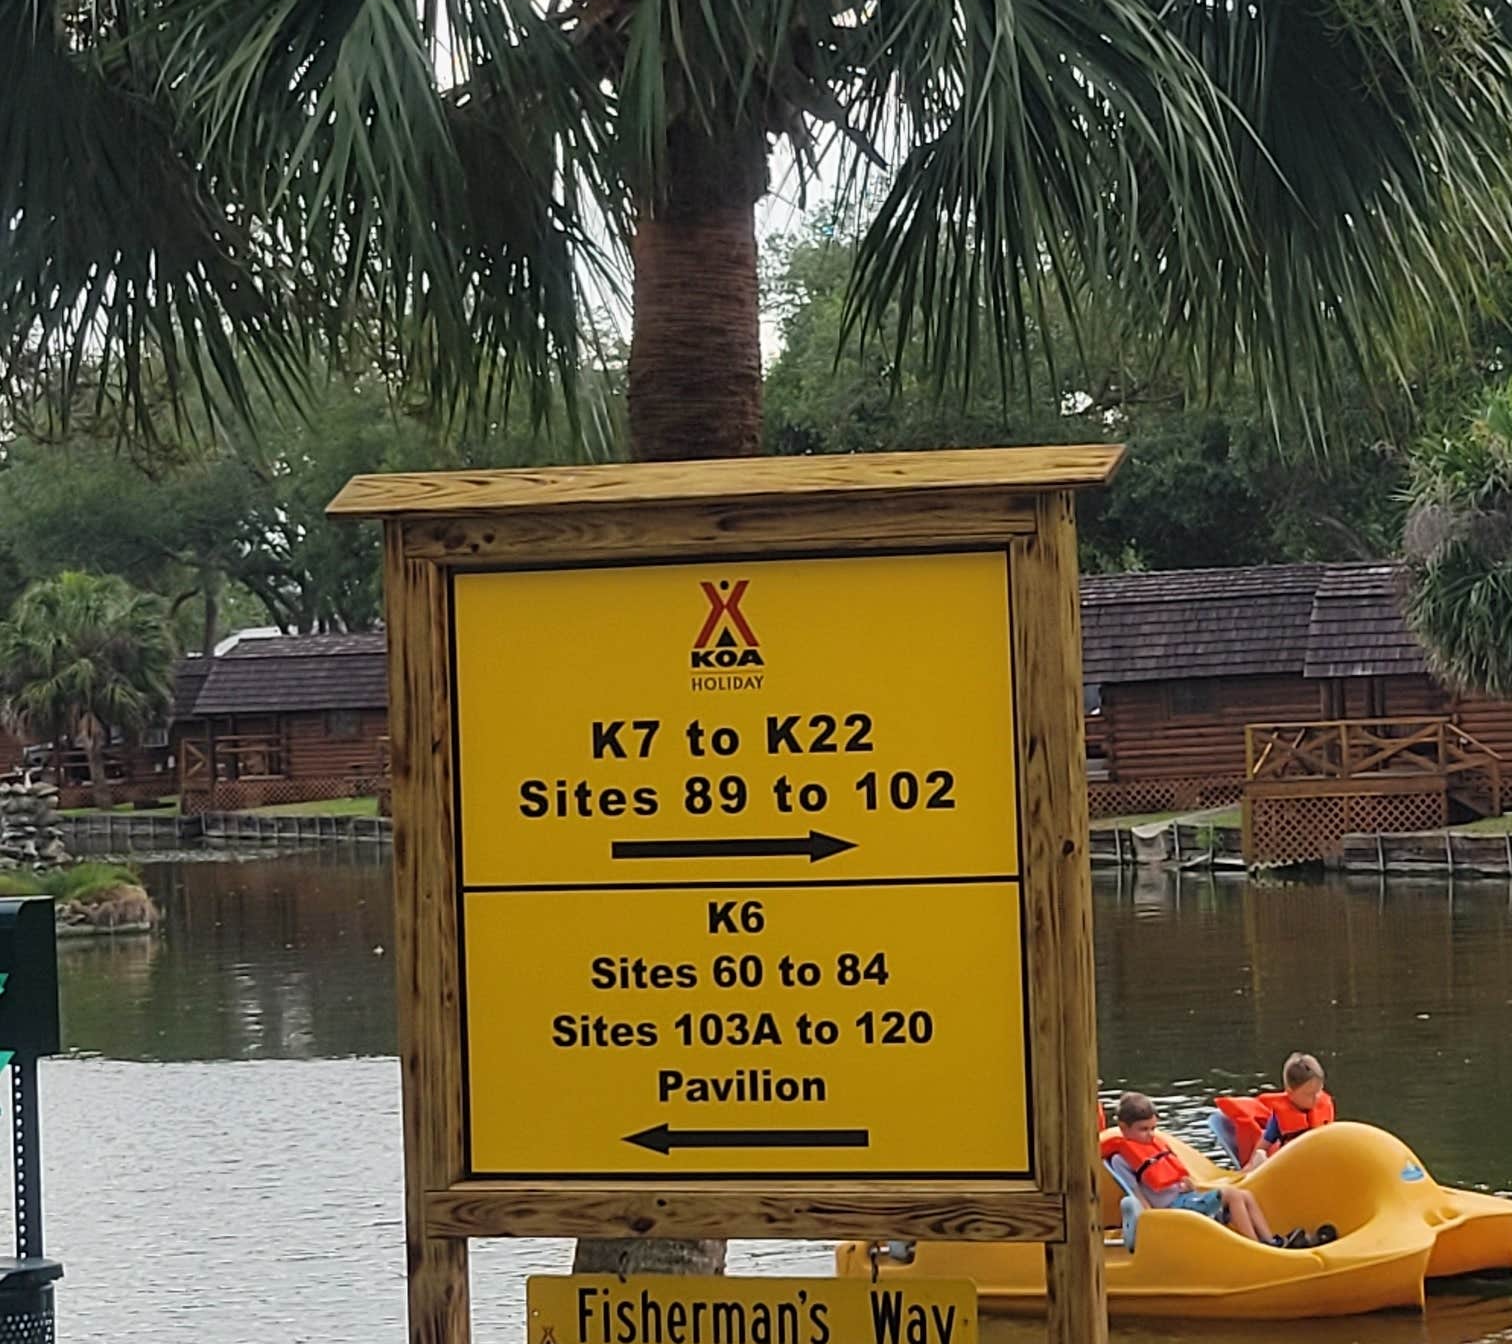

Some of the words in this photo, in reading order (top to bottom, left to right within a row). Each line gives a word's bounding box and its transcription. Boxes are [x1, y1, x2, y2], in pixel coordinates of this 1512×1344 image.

[691, 649, 765, 669] KOA
[691, 675, 764, 692] HOLIDAY
[592, 720, 660, 759] K7
[685, 719, 740, 757] to
[766, 713, 874, 755] K22
[519, 779, 659, 818] Sites
[684, 775, 747, 815] 89
[773, 775, 828, 813] to
[855, 770, 956, 811] 102
[708, 900, 765, 934] K6
[591, 957, 698, 990] Sites
[712, 954, 763, 988] 60
[778, 955, 821, 987] to
[837, 952, 889, 986] 84
[552, 1014, 658, 1047] Sites
[674, 1012, 783, 1046] 103A
[795, 1013, 839, 1046] to
[855, 1010, 933, 1044] 120
[658, 1069, 826, 1103] Pavilion

Requirement :: Reproduce the data above in full, exactly as it is, with the pictures left out.

Written answer ::
Some of the words in this photo, in reading order (top to bottom, left to right within a row). Each line gives a word's bounding box and its transcription. Boxes are [x1, y1, x2, y2], in pixel coordinates of this 1512×1344 image.

[691, 649, 765, 669] KOA
[691, 675, 764, 692] HOLIDAY
[592, 720, 660, 759] K7
[685, 719, 740, 757] to
[766, 713, 874, 755] K22
[519, 779, 659, 818] Sites
[684, 775, 747, 815] 89
[773, 775, 828, 813] to
[855, 770, 956, 811] 102
[708, 900, 765, 934] K6
[591, 957, 698, 990] Sites
[712, 954, 763, 988] 60
[778, 955, 821, 987] to
[837, 952, 889, 986] 84
[552, 1014, 658, 1047] Sites
[674, 1012, 783, 1046] 103A
[795, 1013, 839, 1046] to
[855, 1010, 933, 1044] 120
[658, 1069, 826, 1103] Pavilion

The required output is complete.